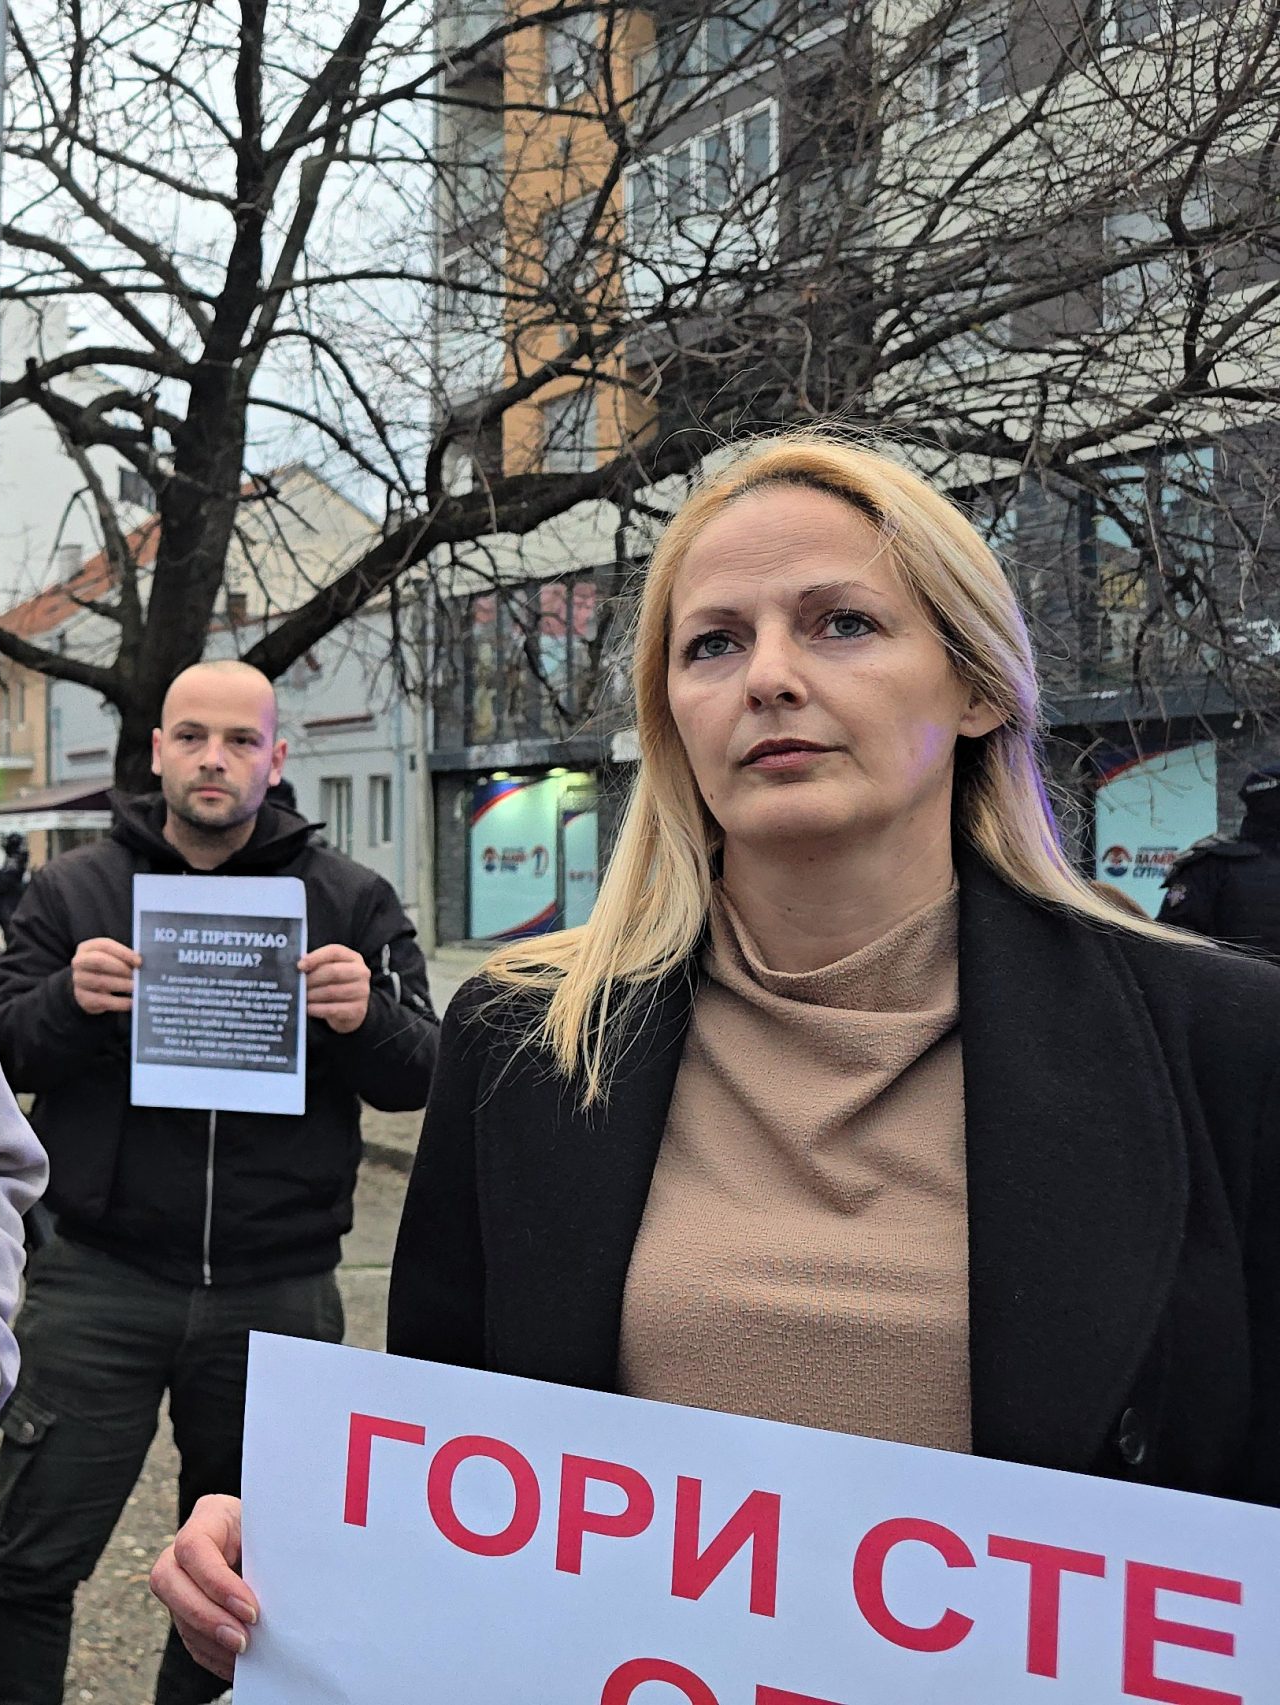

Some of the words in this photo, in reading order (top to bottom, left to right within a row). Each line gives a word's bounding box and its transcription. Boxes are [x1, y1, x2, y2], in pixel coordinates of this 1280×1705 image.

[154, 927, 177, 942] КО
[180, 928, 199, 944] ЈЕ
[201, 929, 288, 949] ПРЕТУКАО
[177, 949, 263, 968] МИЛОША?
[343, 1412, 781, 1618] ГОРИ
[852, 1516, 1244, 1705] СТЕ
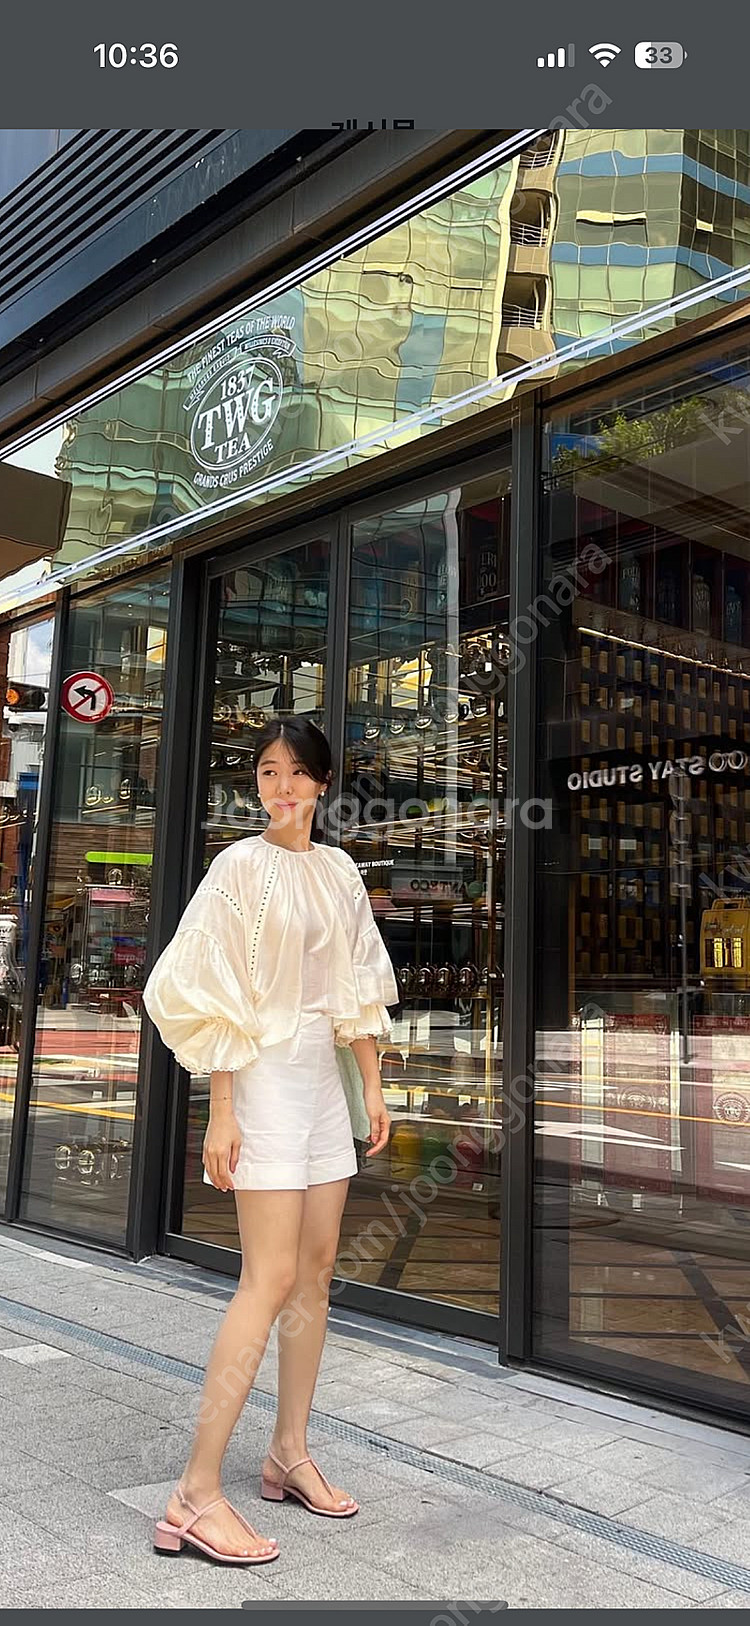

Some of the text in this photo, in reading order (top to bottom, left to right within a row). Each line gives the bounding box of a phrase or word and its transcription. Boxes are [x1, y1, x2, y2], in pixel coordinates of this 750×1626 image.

== TASK PROMPT ==
Would you restate all of the data above word for word, omitting the pictures?

== RESPONSE TO THE EXERCISE ==
Some of the words in this photo, in reading order (top to bottom, left to right within a row). Each line gives a word's bounding box and its transcription. Boxes are [x1, y1, x2, y2], in pixel coordinates of this 1280×1705 image.

[154, 927, 177, 942] КО
[180, 928, 199, 944] ЈЕ
[201, 929, 288, 949] ПРЕТУКАО
[177, 949, 263, 968] МИЛОША?
[343, 1412, 781, 1618] ГОРИ
[852, 1516, 1244, 1705] СТЕ

Some of the text in this photo, in reading order (top to bottom, left to right within a row). Each line gives the bounding box of a phrase or word and its transcription. Boxes are [x1, y1, x2, y2], in pixel coordinates of this 750×1626 image.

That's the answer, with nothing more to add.